** DATA FOR ANALYSIS follows **
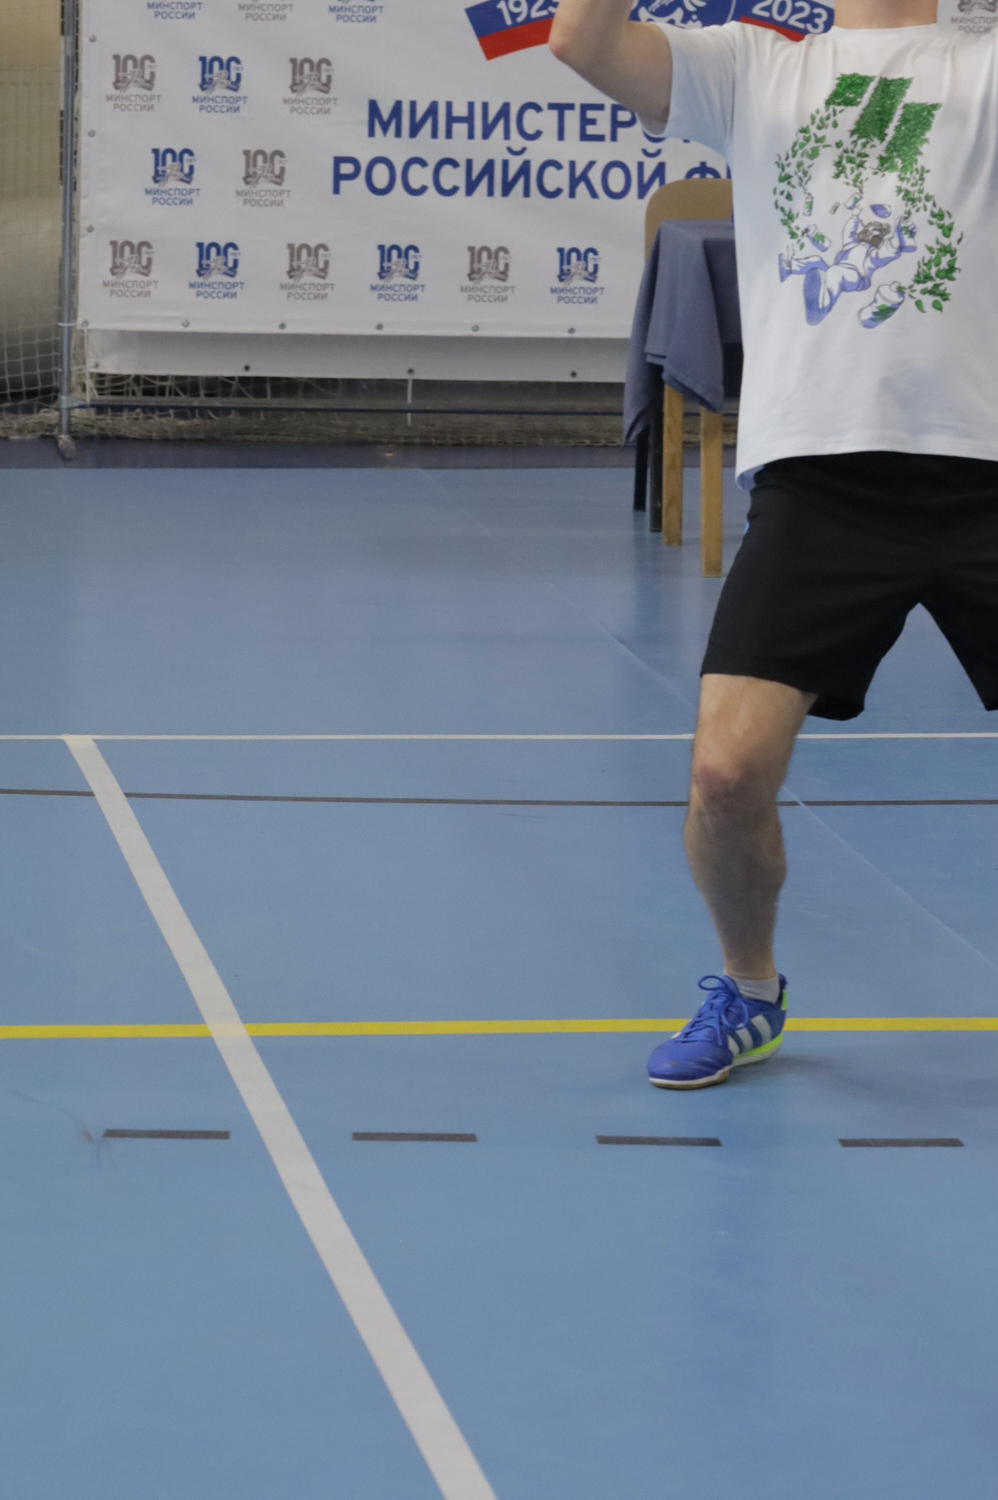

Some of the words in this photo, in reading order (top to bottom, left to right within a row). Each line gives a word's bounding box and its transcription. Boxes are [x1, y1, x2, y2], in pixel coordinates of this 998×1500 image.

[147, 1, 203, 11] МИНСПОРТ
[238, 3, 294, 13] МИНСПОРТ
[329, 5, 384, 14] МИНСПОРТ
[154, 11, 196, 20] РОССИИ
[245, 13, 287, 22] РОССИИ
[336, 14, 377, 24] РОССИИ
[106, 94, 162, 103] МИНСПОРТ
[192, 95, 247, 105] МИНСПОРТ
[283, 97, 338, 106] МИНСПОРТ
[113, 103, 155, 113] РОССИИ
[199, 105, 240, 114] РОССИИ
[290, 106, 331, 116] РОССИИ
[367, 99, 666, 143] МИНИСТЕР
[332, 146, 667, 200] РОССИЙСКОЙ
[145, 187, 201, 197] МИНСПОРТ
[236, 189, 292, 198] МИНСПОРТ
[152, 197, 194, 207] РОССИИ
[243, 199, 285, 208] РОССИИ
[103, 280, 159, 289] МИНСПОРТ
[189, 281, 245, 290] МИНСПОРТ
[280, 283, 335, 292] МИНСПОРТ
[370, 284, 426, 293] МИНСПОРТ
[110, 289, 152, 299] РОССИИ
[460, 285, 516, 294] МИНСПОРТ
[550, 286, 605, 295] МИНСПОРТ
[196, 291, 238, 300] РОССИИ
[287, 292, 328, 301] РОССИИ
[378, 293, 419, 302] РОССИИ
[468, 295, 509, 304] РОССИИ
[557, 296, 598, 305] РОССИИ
** End of DATA FOR ANALYSIS **
■ WORK REQUEST: Please set down the data above exactly as given, leaving every picture out.

■ EXERCISE SOLUTION:
Some of the words in this photo, in reading order (top to bottom, left to right within a row). Each line gives a word's bounding box and its transcription. Boxes are [x1, y1, x2, y2], in pixel coordinates of this 998×1500 image.

[147, 1, 203, 11] МИНСПОРТ
[238, 3, 294, 13] МИНСПОРТ
[329, 5, 384, 14] МИНСПОРТ
[154, 11, 196, 20] РОССИИ
[245, 13, 287, 22] РОССИИ
[336, 14, 377, 24] РОССИИ
[106, 94, 162, 103] МИНСПОРТ
[192, 95, 247, 105] МИНСПОРТ
[283, 97, 338, 106] МИНСПОРТ
[113, 103, 155, 113] РОССИИ
[199, 105, 240, 114] РОССИИ
[290, 106, 331, 116] РОССИИ
[367, 99, 666, 143] МИНИСТЕР
[332, 146, 667, 200] РОССИЙСКОЙ
[145, 187, 201, 197] МИНСПОРТ
[236, 189, 292, 198] МИНСПОРТ
[152, 197, 194, 207] РОССИИ
[243, 199, 285, 208] РОССИИ
[103, 280, 159, 289] МИНСПОРТ
[189, 281, 245, 290] МИНСПОРТ
[280, 283, 335, 292] МИНСПОРТ
[370, 284, 426, 293] МИНСПОРТ
[110, 289, 152, 299] РОССИИ
[460, 285, 516, 294] МИНСПОРТ
[550, 286, 605, 295] МИНСПОРТ
[196, 291, 238, 300] РОССИИ
[287, 292, 328, 301] РОССИИ
[378, 293, 419, 302] РОССИИ
[468, 295, 509, 304] РОССИИ
[557, 296, 598, 305] РОССИИ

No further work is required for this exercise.